Beginning in November 2018, Brazilian legislation regulating access to genetic heritage and associated traditional knowledge will cause a bureaucratic collapse of Biodiversity research in Brazil. Law number 13.123/2015 and Decree 8772/2016 impose severe barriers to basic and applied research, and to international cooperation by introducing mandatory registry of research access to native organisms in Brazil. This legal framework was meant to improve governmental control over systems of biotechnology research using genetic material and associated chemical compounds, which are central points of the Nagoya Protocol (CBD 2011) and the Convention on Biological Diversity (CBD 1992, 2012). However, the requirements imposed by the mandatory registry of research in the new National System for Governance of Genetic Heritage and Associated Traditional Knowledge (SisGen), the system of Material Transfer Agreements (MTAs), and the need to record access to organismal data prior to publication of scientific results or exportation of specimens for scientific research are technically impracticable and not part of the Nagoya Protocol or CBD. These systems have already begun to compromise biodiversity studies and training of human resources in biological sciences, which depend on international partnerships. Biological collections and laboratories based in Brazil will cease to function due to the high operational costs and legal impediments affecting access to national biodiversity by foreigners. On the global scenario, Brazilian science will certainly lose competitiveness.
In violation to the Nagoya Protocol (CBD 2011), law number 13.123/2015 does not recognize basic scientific research as a special area that should be fostered and stimulated through streamlined processes. The Nagoya Protocol recommends that parties should “[c]reate conditions to promote and encourage research which contributes to the conservation and sustainable use of biological diversity, particularly in developing countries, including through simplified measures on access for non-commercial research purposes, taking into account the need to address a change of intent for such research” (CBD 2011, Article 8A).

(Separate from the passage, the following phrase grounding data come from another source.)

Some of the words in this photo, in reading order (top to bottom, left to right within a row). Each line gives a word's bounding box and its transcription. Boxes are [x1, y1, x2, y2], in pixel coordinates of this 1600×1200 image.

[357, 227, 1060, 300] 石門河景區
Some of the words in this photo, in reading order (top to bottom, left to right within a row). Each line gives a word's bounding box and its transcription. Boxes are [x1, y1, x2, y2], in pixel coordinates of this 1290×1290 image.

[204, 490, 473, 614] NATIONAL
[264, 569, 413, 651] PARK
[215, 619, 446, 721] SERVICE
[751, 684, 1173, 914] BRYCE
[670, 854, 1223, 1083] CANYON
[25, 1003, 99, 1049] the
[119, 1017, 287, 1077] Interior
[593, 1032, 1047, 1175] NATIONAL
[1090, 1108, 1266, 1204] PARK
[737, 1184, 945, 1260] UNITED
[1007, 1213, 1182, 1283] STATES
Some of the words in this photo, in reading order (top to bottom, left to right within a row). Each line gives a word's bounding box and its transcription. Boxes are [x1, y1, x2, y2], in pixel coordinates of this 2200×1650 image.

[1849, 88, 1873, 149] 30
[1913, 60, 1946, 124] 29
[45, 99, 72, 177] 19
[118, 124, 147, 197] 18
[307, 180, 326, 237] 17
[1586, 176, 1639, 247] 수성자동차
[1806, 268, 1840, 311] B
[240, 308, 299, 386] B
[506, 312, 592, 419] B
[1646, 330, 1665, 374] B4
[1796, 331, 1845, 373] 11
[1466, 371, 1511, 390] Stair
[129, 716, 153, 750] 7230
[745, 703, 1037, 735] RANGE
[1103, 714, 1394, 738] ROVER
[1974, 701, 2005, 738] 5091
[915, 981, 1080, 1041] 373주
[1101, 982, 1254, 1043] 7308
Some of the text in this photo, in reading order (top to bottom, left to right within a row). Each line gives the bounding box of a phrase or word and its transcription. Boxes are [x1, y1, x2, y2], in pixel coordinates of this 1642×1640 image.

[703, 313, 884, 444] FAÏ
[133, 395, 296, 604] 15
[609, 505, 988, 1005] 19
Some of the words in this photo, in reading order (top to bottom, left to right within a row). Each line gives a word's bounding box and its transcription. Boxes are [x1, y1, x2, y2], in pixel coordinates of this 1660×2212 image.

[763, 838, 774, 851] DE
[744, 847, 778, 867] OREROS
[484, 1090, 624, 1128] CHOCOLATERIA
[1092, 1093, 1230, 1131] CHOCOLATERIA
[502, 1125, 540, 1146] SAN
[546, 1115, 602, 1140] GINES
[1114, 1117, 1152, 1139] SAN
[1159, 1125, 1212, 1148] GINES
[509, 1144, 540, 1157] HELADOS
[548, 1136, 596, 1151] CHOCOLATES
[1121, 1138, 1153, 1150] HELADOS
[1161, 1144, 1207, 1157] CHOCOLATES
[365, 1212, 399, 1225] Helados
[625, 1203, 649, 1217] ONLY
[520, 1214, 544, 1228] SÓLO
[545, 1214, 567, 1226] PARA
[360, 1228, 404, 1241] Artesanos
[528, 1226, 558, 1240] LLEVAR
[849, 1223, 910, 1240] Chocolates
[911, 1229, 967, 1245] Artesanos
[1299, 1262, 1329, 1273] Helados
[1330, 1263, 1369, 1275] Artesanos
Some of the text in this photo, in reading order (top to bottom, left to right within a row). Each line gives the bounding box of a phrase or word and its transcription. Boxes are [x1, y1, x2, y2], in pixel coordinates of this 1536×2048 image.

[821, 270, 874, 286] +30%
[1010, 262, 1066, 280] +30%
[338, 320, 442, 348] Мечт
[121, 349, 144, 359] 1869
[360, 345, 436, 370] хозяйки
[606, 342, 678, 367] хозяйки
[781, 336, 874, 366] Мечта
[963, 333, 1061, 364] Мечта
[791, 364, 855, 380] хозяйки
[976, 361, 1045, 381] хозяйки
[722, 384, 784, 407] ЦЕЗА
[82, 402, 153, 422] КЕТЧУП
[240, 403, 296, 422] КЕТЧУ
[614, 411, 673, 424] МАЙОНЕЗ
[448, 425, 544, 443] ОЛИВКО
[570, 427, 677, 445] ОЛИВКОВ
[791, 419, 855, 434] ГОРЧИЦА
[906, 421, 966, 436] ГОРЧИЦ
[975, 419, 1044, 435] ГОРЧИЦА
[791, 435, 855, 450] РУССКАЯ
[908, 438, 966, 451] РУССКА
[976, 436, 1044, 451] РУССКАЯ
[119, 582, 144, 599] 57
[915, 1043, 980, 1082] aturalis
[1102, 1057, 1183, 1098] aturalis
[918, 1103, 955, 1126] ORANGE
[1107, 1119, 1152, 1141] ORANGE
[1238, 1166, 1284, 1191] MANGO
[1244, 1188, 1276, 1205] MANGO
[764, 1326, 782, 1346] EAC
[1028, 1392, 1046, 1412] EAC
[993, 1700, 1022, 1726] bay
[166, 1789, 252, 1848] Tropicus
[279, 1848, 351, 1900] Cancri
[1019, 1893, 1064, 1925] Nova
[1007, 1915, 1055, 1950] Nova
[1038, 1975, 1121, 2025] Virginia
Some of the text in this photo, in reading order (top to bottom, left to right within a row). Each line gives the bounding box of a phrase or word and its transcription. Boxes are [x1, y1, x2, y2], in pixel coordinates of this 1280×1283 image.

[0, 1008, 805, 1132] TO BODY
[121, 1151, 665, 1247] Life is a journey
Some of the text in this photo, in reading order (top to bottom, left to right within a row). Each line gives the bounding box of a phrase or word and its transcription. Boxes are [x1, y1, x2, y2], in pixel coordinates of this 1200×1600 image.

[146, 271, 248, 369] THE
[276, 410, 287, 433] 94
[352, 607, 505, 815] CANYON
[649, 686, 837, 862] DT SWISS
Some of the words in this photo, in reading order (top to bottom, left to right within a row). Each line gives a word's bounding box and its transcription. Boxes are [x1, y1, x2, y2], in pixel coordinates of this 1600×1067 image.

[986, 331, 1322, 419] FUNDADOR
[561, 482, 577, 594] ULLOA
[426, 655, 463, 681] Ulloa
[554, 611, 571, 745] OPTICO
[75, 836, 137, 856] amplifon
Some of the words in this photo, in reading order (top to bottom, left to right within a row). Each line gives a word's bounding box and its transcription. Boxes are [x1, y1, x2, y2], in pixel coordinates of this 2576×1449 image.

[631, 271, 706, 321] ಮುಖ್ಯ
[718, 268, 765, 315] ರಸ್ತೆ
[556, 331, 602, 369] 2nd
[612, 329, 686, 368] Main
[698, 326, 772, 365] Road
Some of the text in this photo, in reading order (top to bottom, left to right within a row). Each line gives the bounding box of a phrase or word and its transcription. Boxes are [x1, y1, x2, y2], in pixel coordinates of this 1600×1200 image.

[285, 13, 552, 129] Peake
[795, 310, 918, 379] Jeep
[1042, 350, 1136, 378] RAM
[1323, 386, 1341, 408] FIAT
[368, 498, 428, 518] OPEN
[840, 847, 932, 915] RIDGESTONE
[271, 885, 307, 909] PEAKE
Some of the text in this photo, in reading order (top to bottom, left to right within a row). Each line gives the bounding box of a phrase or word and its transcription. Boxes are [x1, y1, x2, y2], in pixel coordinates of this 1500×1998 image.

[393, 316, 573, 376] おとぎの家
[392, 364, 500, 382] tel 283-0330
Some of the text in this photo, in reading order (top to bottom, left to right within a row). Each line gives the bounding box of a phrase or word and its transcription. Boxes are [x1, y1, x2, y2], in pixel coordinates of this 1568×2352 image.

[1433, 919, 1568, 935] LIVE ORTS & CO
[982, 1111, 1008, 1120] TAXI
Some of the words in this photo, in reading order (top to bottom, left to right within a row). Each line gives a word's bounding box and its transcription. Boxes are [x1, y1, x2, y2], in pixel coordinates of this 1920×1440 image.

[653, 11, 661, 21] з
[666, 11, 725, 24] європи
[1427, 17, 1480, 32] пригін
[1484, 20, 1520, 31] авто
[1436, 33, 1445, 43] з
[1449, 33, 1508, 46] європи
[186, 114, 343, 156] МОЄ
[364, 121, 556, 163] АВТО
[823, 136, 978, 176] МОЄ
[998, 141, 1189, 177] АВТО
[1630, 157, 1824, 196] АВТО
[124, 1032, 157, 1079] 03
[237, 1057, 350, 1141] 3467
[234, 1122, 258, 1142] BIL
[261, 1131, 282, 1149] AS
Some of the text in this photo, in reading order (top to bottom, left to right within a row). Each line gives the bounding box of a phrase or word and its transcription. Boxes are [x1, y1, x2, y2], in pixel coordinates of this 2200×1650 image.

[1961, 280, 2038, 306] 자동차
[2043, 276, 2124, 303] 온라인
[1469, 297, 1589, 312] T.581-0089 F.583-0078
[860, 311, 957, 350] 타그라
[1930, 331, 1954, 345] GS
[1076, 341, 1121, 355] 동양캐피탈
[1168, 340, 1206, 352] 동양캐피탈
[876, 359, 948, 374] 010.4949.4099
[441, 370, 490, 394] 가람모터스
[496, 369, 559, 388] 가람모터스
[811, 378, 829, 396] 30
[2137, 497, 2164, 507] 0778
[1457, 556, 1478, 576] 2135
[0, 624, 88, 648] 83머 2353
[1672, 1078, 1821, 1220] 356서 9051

Likewise, article 8C stresses the importance of genetic resources for food and agriculture, and their special importance to food safety. While this last recommendation is followed by Decree 8772/2016 (chapter IV), the recommendation for facilitating non-commercial research is ignored. On the contrary, Kafkian bureaucratic restrictions were created.
Between 2006 and 2015, CGen (the Brazilian Genetic Resources Council) Resolution 21/2006 exempted basic research in evolution, identification of organisms, epidemiology, and organization of scientific collections from the requirements of prior licensing and data registration for accessing the so-called genetic heritage. The resolution did not exempt researchers from several other licensing and mandatory data registration systems, such as the scientific specimens collecting system (SisBio), export licenses, CITES registration of endangered species, ethical requirements, sanitary vigilance approvals, and permits for scientific expeditions, but was a much-needed respite from the bureaucratic burden imposed by the Government. Most significant among these systems are the permit procedures for collecting of specimens, which already requires complex reporting in the SisBio database. Despite the redundancy of these multiple control systems, the new law revoked CGen Resolution 21/2006 in 2015.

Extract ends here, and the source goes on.